The research didn't appear overnight. The preprint landed on arXiv in November 2024, meaning the underlying measurements were complete well before the journal publication. Peer review at Physical Review Letters took roughly five months, which is fairly typical for a result of this type.

November 24, 2024: Preprint posted to arXiv. Title confirms the MoSe2 monolayer architecture and the all-optical switching claim at the femtojoule scale.
April 10, 2026: Paper published in Physical Review Letters (DOI: 10.1103/gc15-qsvf). PubMed indexing confirms peer review completion.
April 22, 2026: Penn Today publishes "Making 'light' work of computing," contextualizing the result for a general technical audience.
May 14, 2026: EurekAlert press distribution amplifies the AI angle and the camera-chip application case.
May 18, 2026: ScienceDaily republication extends the reach to science-adjacent audiences.

The publication in Physical Review Letters matters for credibility. PRL publishes roughly 3,000 letters per year across all of physics, with an acceptance rate under 25%. The review process for a result claiming device-level nonlinear switching at femtojoule energies would have required detailed scrutiny of the measurement methodology, the energy calibration, and the claims about the physical mechanism. The fact that it cleared that bar doesn't make it a finished technology, but it does mean the core numbers survived independent expert review.

What Still Stands in the Way

The skeptical reading of this result is both fair and important. A single device switching at 4 fJ in a well-controlled lab environment is not the same as a manufacturable nonlinear element in a deployed photonic AI chip. The gap between those two things involves several distinct engineering challenges, none of which the Penn paper claims to solve.

2D Material Yield and Uniformity

MoSe2 monolayers are grown or exfoliated, not printed from a mask like silicon. At production scale, getting consistent coupling quality across thousands or millions of nanocavities on a single die is an unsolved manufacturing problem. Defects in atomically thin materials produce wildly variable device performance.

Silicon Photonics Integration

The dominant photonic chip platform globally is silicon photonics, built on CMOS-compatible fabs. MoSe2 on a photonic crystal nanocavity is not natively compatible with that stack. Hybrid integration is possible in principle, but it adds process steps, reduces yield, and complicates packaging.

Control Electronics Overhead

The gate-tunable architecture requires electrical control signals to set the coupling condition.
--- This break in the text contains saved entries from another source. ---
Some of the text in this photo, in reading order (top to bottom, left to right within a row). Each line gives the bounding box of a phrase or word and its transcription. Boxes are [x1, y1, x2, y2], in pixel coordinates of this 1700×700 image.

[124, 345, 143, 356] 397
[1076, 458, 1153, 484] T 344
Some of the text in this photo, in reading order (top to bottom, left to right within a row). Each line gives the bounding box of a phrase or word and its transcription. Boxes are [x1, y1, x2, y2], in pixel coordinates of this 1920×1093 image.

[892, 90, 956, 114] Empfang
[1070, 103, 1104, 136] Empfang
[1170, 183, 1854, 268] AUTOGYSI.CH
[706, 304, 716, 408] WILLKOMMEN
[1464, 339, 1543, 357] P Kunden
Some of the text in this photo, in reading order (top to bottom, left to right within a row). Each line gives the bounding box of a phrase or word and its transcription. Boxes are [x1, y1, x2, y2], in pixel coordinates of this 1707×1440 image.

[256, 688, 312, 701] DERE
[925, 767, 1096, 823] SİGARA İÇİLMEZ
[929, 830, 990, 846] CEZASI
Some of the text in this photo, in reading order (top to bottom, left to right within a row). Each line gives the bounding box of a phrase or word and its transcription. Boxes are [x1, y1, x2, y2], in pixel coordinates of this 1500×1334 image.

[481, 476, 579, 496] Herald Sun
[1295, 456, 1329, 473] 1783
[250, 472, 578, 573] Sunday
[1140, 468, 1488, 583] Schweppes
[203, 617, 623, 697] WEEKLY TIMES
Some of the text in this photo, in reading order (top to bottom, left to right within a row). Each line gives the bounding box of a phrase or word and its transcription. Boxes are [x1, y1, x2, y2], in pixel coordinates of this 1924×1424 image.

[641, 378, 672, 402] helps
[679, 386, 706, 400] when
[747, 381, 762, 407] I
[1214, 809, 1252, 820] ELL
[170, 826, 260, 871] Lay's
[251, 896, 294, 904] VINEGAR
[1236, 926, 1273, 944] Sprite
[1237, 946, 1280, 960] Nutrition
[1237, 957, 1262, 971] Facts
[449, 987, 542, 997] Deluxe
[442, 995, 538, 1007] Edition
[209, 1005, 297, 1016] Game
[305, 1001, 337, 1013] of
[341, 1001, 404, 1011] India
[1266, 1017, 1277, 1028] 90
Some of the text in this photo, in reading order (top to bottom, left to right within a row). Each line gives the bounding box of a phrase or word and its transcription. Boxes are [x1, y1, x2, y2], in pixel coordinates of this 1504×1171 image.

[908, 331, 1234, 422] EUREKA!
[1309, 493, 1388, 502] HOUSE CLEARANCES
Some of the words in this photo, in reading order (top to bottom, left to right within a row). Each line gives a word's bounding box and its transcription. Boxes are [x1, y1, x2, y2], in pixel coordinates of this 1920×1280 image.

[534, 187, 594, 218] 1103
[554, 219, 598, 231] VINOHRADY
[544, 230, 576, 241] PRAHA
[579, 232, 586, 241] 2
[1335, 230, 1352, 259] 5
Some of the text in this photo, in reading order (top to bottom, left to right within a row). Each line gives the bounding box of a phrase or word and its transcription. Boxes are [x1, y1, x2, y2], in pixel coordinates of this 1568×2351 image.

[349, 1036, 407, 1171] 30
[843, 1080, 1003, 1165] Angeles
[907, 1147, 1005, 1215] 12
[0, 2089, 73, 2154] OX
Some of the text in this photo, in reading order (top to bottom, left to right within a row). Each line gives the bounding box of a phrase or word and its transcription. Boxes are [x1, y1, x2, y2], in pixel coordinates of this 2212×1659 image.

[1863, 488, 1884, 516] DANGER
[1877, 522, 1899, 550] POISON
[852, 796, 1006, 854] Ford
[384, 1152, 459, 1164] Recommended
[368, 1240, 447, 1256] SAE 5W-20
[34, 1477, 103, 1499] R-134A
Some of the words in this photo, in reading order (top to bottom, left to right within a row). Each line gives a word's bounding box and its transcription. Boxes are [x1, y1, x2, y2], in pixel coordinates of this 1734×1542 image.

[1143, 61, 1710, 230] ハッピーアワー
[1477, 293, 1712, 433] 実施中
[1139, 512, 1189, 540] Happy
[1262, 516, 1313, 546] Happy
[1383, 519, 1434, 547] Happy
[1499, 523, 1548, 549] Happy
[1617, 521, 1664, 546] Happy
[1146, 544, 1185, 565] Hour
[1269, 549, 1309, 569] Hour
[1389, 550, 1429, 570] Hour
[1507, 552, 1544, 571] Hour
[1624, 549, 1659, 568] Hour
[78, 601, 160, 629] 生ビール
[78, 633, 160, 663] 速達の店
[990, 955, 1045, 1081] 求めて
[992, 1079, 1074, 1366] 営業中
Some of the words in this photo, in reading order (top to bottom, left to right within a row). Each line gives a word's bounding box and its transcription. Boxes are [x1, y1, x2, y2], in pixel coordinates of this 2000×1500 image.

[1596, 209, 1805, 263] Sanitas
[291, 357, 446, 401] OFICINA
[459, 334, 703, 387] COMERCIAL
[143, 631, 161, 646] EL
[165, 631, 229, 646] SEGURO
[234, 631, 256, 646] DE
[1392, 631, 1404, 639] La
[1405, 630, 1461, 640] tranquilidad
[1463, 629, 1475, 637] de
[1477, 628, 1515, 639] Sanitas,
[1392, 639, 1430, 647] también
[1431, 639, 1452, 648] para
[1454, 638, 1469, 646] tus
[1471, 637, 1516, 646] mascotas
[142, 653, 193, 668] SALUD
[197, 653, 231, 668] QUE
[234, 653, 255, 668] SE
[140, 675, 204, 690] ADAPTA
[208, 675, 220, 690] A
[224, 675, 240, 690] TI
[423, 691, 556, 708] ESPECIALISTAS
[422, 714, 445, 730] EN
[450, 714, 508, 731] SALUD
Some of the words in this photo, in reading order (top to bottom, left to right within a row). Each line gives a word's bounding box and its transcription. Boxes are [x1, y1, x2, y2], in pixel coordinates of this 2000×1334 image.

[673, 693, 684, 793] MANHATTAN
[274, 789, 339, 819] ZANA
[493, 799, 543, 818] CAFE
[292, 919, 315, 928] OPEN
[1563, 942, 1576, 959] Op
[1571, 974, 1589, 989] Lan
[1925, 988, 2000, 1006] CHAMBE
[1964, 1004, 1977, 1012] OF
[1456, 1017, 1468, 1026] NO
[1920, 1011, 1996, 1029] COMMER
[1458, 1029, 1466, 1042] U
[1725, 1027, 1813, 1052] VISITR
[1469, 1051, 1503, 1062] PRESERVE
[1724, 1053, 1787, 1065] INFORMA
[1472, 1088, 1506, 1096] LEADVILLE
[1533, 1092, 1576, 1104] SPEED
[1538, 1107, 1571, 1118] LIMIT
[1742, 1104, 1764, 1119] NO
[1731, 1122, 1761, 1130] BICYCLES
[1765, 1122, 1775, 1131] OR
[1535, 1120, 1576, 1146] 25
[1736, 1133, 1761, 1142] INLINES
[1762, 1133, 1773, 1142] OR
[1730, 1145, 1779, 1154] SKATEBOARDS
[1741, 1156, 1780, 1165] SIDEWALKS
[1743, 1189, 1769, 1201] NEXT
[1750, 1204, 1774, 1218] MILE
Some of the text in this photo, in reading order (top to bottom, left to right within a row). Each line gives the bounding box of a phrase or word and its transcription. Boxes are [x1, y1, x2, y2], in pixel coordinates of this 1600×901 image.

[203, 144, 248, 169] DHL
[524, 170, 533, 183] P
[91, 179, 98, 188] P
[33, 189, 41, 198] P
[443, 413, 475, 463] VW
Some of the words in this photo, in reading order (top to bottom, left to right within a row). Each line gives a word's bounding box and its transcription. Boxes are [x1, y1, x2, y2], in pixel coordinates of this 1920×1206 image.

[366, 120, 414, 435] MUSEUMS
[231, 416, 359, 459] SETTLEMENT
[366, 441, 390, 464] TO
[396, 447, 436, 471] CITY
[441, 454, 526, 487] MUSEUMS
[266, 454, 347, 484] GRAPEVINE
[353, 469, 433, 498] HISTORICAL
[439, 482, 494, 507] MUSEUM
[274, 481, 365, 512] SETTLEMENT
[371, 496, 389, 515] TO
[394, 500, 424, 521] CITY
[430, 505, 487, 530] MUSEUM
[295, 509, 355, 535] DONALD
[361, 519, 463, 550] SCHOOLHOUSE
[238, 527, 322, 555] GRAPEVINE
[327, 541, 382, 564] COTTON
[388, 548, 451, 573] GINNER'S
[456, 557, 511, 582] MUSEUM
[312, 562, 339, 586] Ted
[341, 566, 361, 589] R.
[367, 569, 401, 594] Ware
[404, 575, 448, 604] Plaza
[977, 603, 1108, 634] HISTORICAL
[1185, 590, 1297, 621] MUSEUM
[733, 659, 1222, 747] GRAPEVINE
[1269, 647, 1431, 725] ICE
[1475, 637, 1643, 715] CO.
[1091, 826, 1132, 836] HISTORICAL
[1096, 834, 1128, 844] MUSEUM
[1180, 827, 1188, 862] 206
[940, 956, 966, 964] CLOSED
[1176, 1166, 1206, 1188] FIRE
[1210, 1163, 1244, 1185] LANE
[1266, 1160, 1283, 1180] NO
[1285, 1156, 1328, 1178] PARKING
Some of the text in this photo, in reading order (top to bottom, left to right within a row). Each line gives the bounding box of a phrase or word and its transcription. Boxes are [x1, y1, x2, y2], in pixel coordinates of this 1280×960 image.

That control circuitry consumes power and adds complexity. The 4 fJ switching energy figure doesn't include the overhead of generating and routing those gate signals at scale.

Operating Conditions

The paper doesn't specify room-temperature operation explicitly in the abstract. Earlier polariton results required cryogenic cooling, which would make commercial deployment impractical. Penn's framing suggests accessibility, but independent replication under varied conditions will be needed before that's confirmed.

Perspective: A 2022 analysis in Physical Review Applied on photonic neural network energy efficiency found that switching energy figures from individual device demonstrations often don't account for system-level overhead, interconnect losses, and control costs. The field's history includes several "breakthrough" devices that looked impressive in isolation but didn't scale to useful system architectures.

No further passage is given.